Fuzzy algorithms for learning vector quantization

This paper presents the development of fuzzy algorithms for learning vector quantization (FALVQ). These algorithms are derived by minimizing the weighted sum of the squared Euclidean distances between an input vector, which represents a feature vector, and the weight vectors of a competitive learning vector quantization (LVQ) network, which represent the prototypes. This formulation leads to competitive algorithms, which allow each input vector to attract all prototypes. The strength of attraction between each input and the prototypes is determined by a set of membership functions, which can be selected on the basis of specific criteria. A gradient-descent-based learning rule is derived for a general class of admissible membership functions which satisfy certain properties. The FALVQ 1, FALVQ 2, and FALVQ 3 families of algorithms are developed by selecting admissible membership functions with different properties. The proposed algorithms are tested and evaluated using the IRIS data set. The efficiency of the proposed algorithms is also illustrated by their use in codebook design required for image compression based on vector quantization.

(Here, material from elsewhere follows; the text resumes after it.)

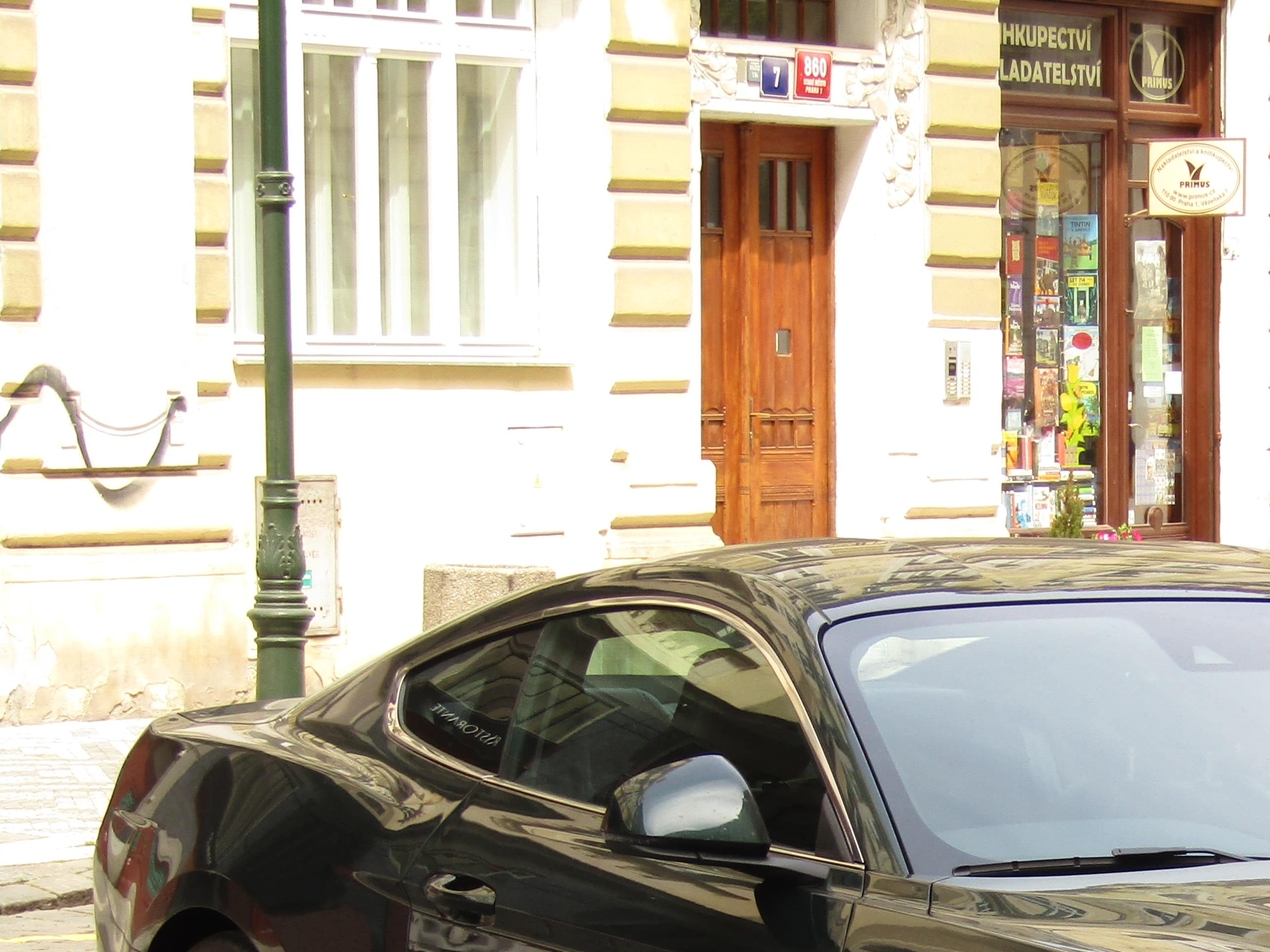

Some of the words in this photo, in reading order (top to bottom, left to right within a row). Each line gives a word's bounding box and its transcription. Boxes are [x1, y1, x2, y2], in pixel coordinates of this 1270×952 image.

Soft learning vector quantization and clustering algorithms based on ordered weighted aggregation operators

This paper presents the development and investigates the properties of ordered weighted learning vector quantization (LVQ) and clustering algorithms. These algorithms are developed by using gradient descent to minimize reformulation functions based on aggregation operators. An axiomatic approach provides conditions for selecting aggregation operators that lead to admissible reformulation functions. Minimization of admissible reformulation functions based on ordered weighted aggregation operators produces a family of soft LVQ and clustering algorithms, which includes fuzzy LVQ and clustering algorithms as special cases. The proposed LVQ and clustering algorithms are used to perform segmentation of magnetic resonance (MR) images of the brain. The diagnostic value of the segmented MR images provides the basis for evaluating a variety of ordered weighted LVQ and clustering algorithms.